Wednesday, July 9, 2008

Rowing takes the biscuit (just)

I’m sure he meant no harm by his words. After all, he’s a nice chap, and I had just about forgiven him for his earlier misdemeanour…the one where he had spoiled the little mental game I play with myself whilst on the dreaded rowing machine. The one where, after about two minutes, I pretend that I’ve only done a minute, in the desperate hope that when my five minutes are done it’ll come as a nice surprise. Being told that I’d done 3 minutes, when I was busy telling myself I was approaching 2 minutes, was upsetting, but nothing compared to what was to come.

The words slipped out so easily – an afterthought – an ‘oh, by the way.’ – he told me my five minutes were up and then he just said it. “You rowed 1,084 metre’ which I was quite happy with, followed by ‘you used up 61 calories’. 61? Never has 61 felt like such a pitiful number.

I knew, from recent attempts at ‘watching what I eat’ that 61 bloody calories equates to about what you get from one very low fat biscuit, or about half a pot of low fat yoghurt. I couldn’t believe that I’d spent five minutes on what can only be described as a torture machine that left me sweating, weak and breathless, to lose such a pathetic amount of calories.

So, I’ve just checked what else I could have done to use up 61 calories. And guess what, I could have had an hour’s sleep and used up the same amount of energy! Now that is something worth remembering. Apparently I could have had a 15-minute shower, or spent half an hour arguing on the phone! I could even have had about 40 minutes of ‘sexual intimacy’!! 40 minutes! Mmm…perhaps the rowing machine suits me after all.

Tuesday, July 1, 2008

The Eyes Have It

Research has shown that around 70% of the meaning we convey when we talk to others is actually transmitted by our body language.
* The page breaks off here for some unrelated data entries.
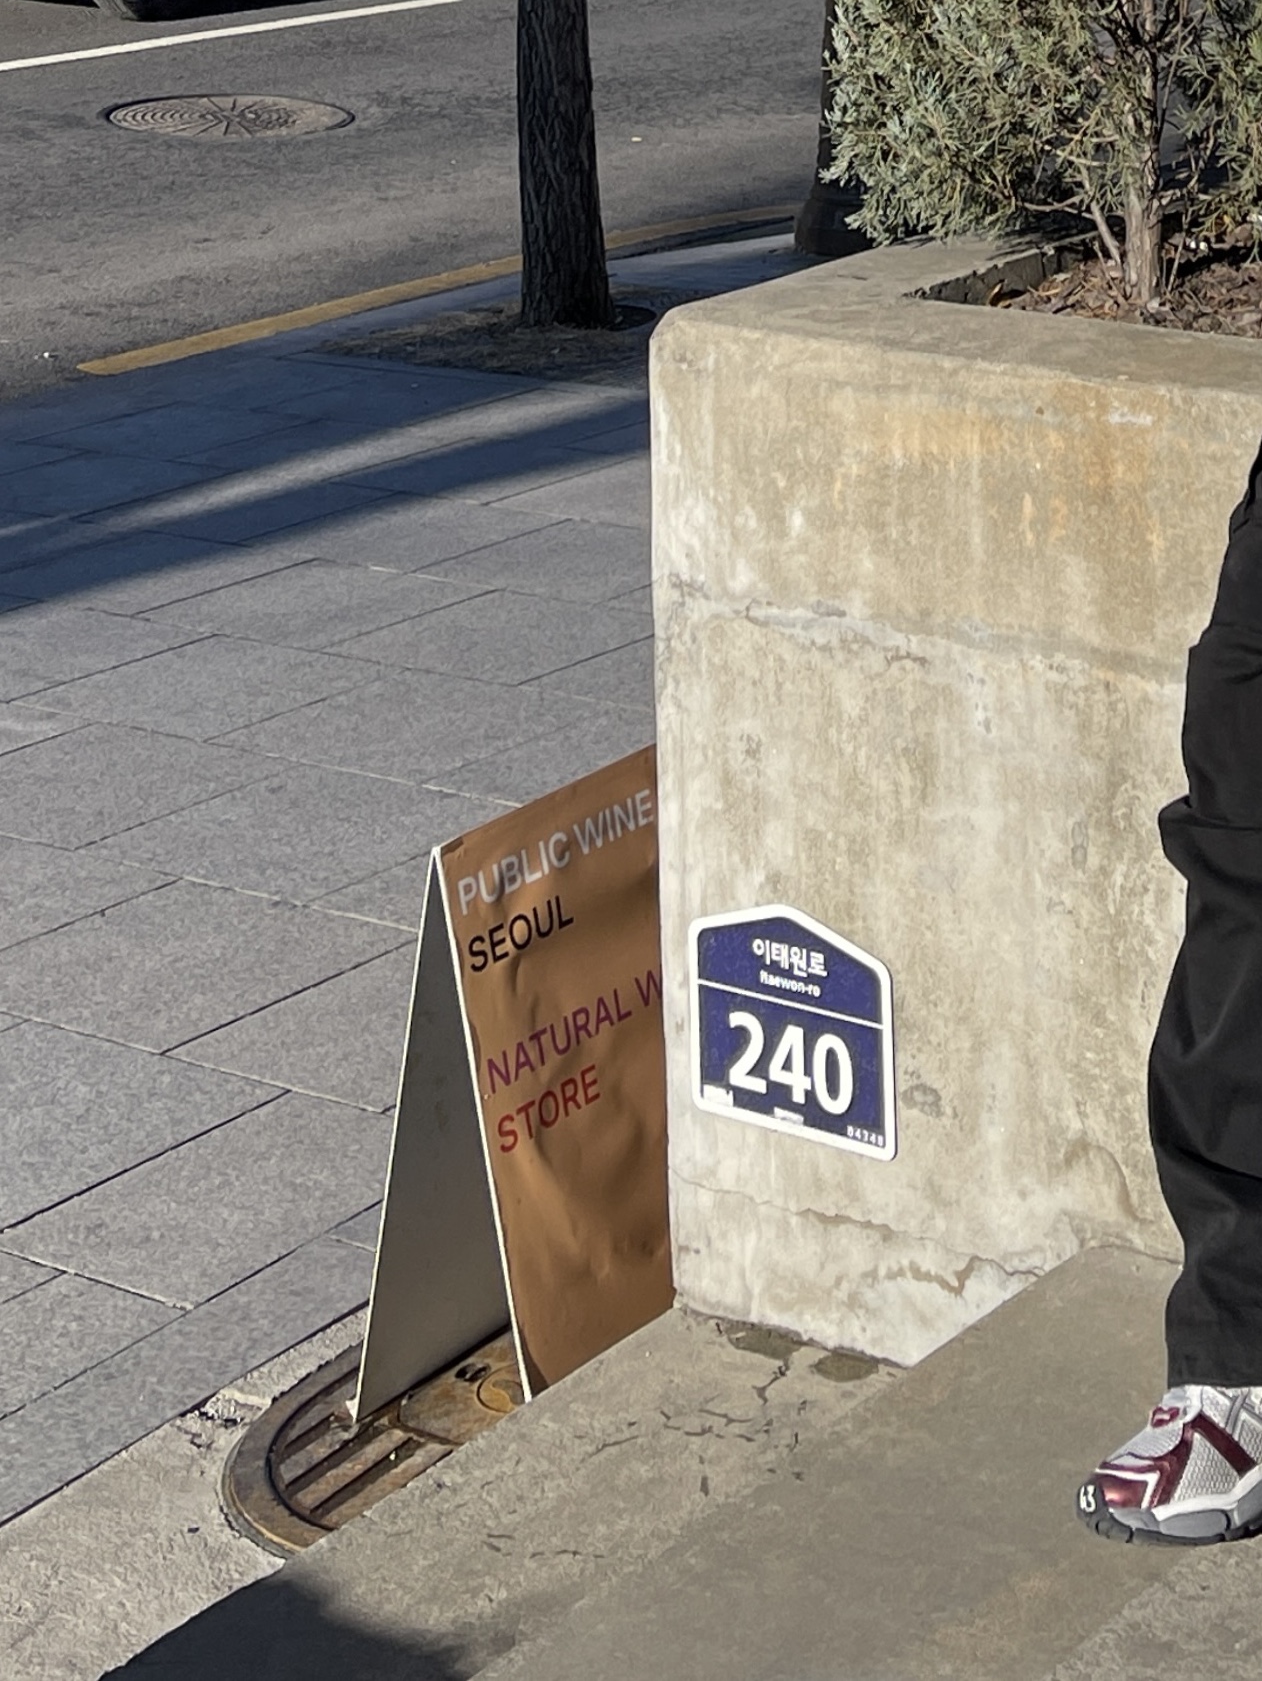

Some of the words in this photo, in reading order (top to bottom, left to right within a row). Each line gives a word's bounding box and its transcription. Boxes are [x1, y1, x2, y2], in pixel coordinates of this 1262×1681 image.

[458, 831, 570, 915] PUBLIC
[573, 788, 654, 855] WINE
[468, 896, 574, 972] SEOUL
[752, 938, 828, 978] 이태원로
[759, 969, 821, 998] Itaewon-ro
[487, 988, 632, 1094] NATURAL
[728, 1011, 853, 1115] 240
[497, 1064, 600, 1153] STORE
[1080, 1484, 1096, 1513] 43
Our posture, gestures, facial expression and our eyes reveal so much more about what we say than the words themselves. Being oblivious to these critical signals is therefore one of the most disabling aspects of my visual impairment.

The inability to make eye contact is one of the most difficult things I have learned to live with. Our eyes are so demonstrative, so individual and so meaningful. They are windows into our minds that tell people our state of consciousness, our mood, our level of fear, excitement, interest or honesty. Being visually-impaired is like having a curtain drawn over those windows which not only stops others looking in, but stops me peering into theirs for those vital clues that give that extra dimension to our daily communication.
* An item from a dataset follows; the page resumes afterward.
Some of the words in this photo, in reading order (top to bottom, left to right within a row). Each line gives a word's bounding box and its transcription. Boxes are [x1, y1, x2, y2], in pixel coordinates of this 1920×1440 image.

I suppose, over the years I must have developed alternative strategies. I probably listen more carefully for auditory clues, like someone’s tone of voice or the rate of their speech. The sound of snoring is usually a good clue that I’ve lost the listener’s attention.
Cultural conventions demand that we maintain a typically British amount of personal space, so standing very close so that I can see a little more tends only to be possible with my immediate family, an even then it depends what I’ve been eating.
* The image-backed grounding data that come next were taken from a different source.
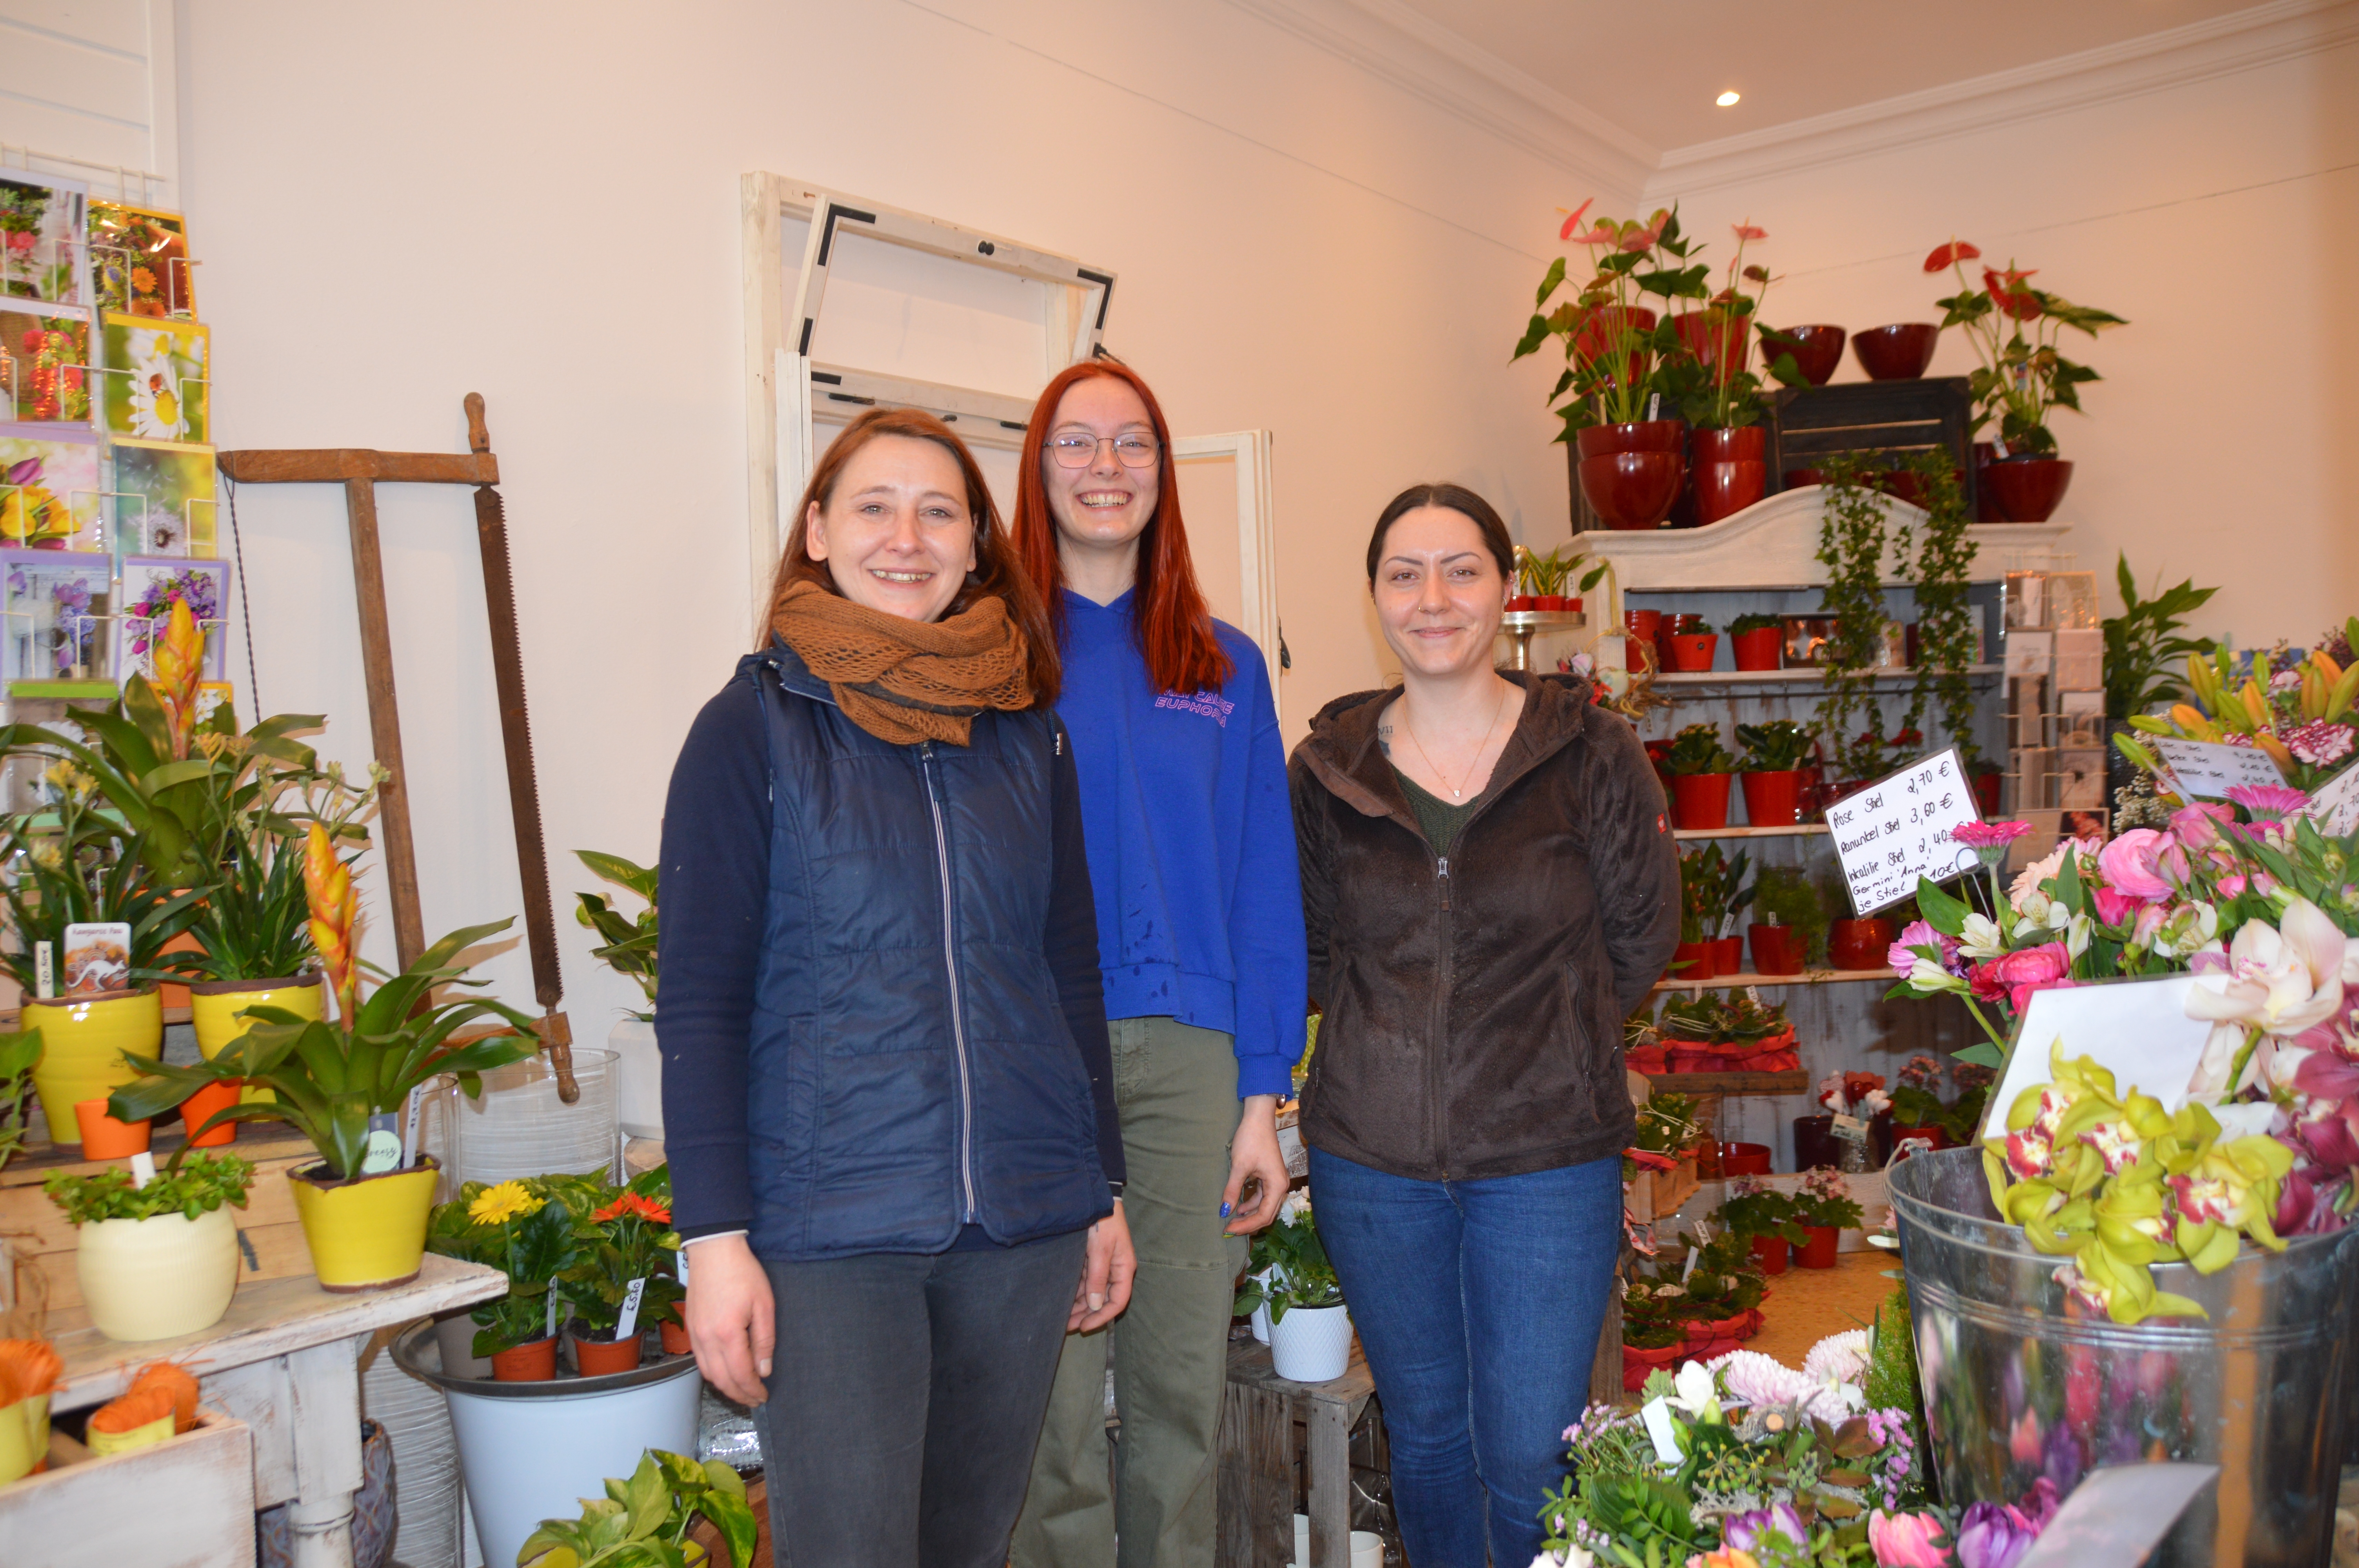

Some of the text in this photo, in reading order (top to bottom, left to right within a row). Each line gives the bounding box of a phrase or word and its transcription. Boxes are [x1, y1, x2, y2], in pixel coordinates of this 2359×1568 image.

[1155, 697, 1226, 728] EUPHORIA
[1194, 691, 1235, 714] CAUSE
[1833, 760, 1950, 829] Rose Stiel 2,70 €
[1841, 793, 1953, 855] Ranunkel Stiel 3,60 €
[1888, 847, 1905, 866] Stiel
[1919, 829, 1947, 854] 2,40
[1852, 871, 1893, 895] Germini
[1858, 900, 1872, 912] je
[1876, 881, 1905, 901] Stiel
The two types of situation when it bothers me most are quite different. At work, I can find myself talking to a group of colleagues when it dawns omni that I have no idea whether they are listening intently or shooting bored glances at each other. Suddenly, I feel like I’m talking to an empty room and feel desperate for someone to jump in and set off a discussion – clearly, my deep psychological need for feedback cannot go denied for more than a few seconds. My other nightmare scenario is the social gathering where mixing and mingling is the order of the night. All too often for my liking I find myself caught between conversations, unable to read the visual clues that allow a timely contribution. Anxiety creeps in and, wanting to avoid the risk of the person disappearing and leaving me talking to thin air, it’s not uncommon for me to lean forward attentively and head butt them instead.

I wonder if this type of problem is as great in countries like India, where I’m told the culture encourages avoiding eye-contact, as a sign of respect. I could be so respectful in a place like that.